Is there a website that offers a real-time snapshot of bid-ask price/volume of Australian stock quotes? It does not need to be streaming real-time. Just a snapshot will do. I am ok with paying but the price should not be >AUD7.5 per month. Free will be best, of course.


----------



## Wysiwyg (17 July 2017)

Commsec is free to join and you get market depth, time and sales, anns. etc..


----------



## skc (17 July 2017)

May be something like this. 

https://www.boursedata.com.au/products/bourse-online/

I have never used it.
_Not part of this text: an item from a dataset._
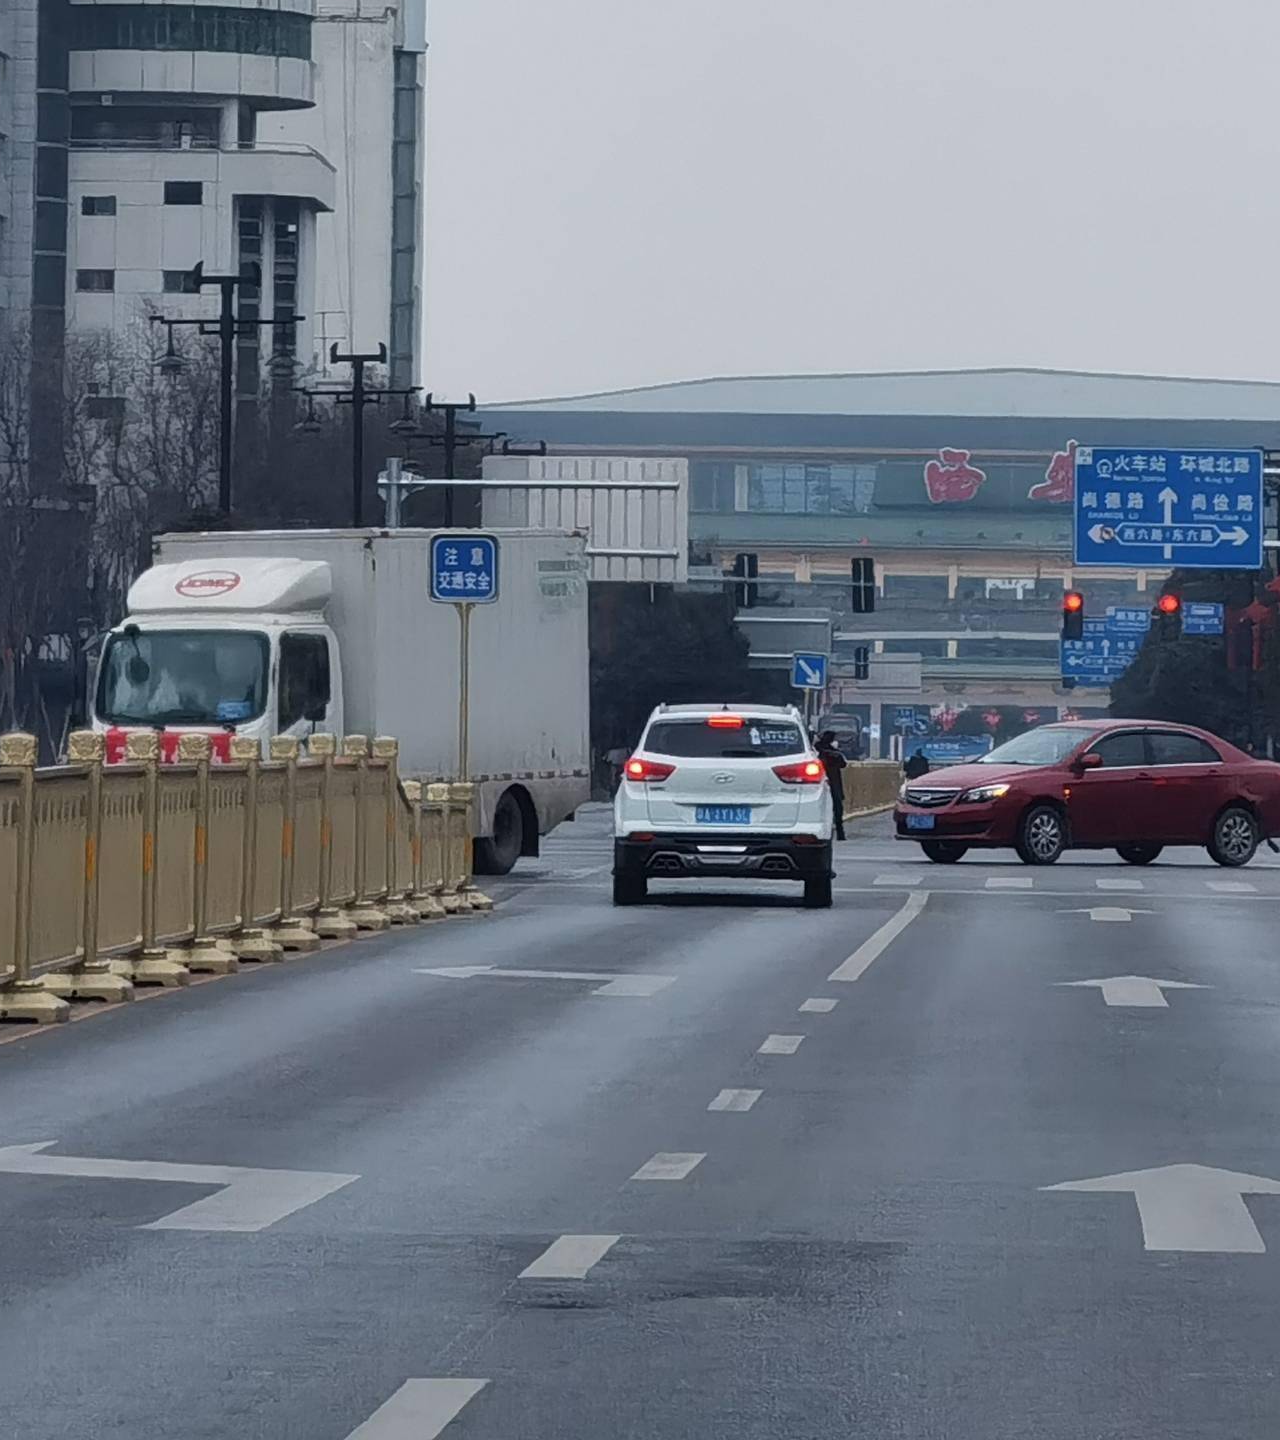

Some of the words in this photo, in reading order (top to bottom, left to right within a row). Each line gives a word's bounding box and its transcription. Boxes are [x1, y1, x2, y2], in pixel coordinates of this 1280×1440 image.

[1115, 455, 1166, 471] 火车站
[1180, 456, 1250, 472] 环城北路
[438, 571, 490, 590] 交通安全
I make no comment other than that it may suit your need.


----------



## helpme (17 July 2017)

skc said:


> May be something like this.
> 
> https://www.boursedata.com.au/products/bourse-online/
> 
> I have never used it. I make no comment other than that it may suit your need.




hi sck,

It looks useful but the price is too much for basic Aussie real-time data.
https://www.boursedata.com.au/products/bourse-analyser/


----------



## skc (17 July 2017)

helpme said:


> hi sck,
> 
> It looks useful but the price is too much for basic Aussie real-time data.
> https://www.boursedata.com.au/products/bourse-analyser/




That's not where I was directing you...



To get this for free you need to join Sequoia Trader. I don't know what are the requirements to join Sequoia Trader... but it could be free, or some notional minimum account balance. Then you can get your live market data snapshot.


----------